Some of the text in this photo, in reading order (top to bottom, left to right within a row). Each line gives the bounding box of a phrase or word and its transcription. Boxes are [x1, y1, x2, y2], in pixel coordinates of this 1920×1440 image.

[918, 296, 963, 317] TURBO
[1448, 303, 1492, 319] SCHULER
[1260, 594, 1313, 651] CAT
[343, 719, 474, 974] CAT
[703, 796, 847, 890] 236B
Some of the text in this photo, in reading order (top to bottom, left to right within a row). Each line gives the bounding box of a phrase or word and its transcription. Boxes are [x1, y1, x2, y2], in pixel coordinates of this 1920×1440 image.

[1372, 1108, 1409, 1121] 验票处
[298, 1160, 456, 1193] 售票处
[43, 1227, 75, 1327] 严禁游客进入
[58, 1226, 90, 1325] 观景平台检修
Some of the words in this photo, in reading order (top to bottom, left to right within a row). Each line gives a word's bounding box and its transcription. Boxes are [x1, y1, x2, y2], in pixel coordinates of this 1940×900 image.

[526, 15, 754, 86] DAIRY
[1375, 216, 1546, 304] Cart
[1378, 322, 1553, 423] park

#####

Find "Some of the words" in the entries above, then repeat its line and all lines after it exactly, down to the last line.

Some of the words in this photo, in reading order (top to bottom, left to right within a row). Each line gives a word's bounding box and its transcription. Boxes are [x1, y1, x2, y2], in pixel coordinates of this 1940×900 image.

[526, 15, 754, 86] DAIRY
[1375, 216, 1546, 304] Cart
[1378, 322, 1553, 423] park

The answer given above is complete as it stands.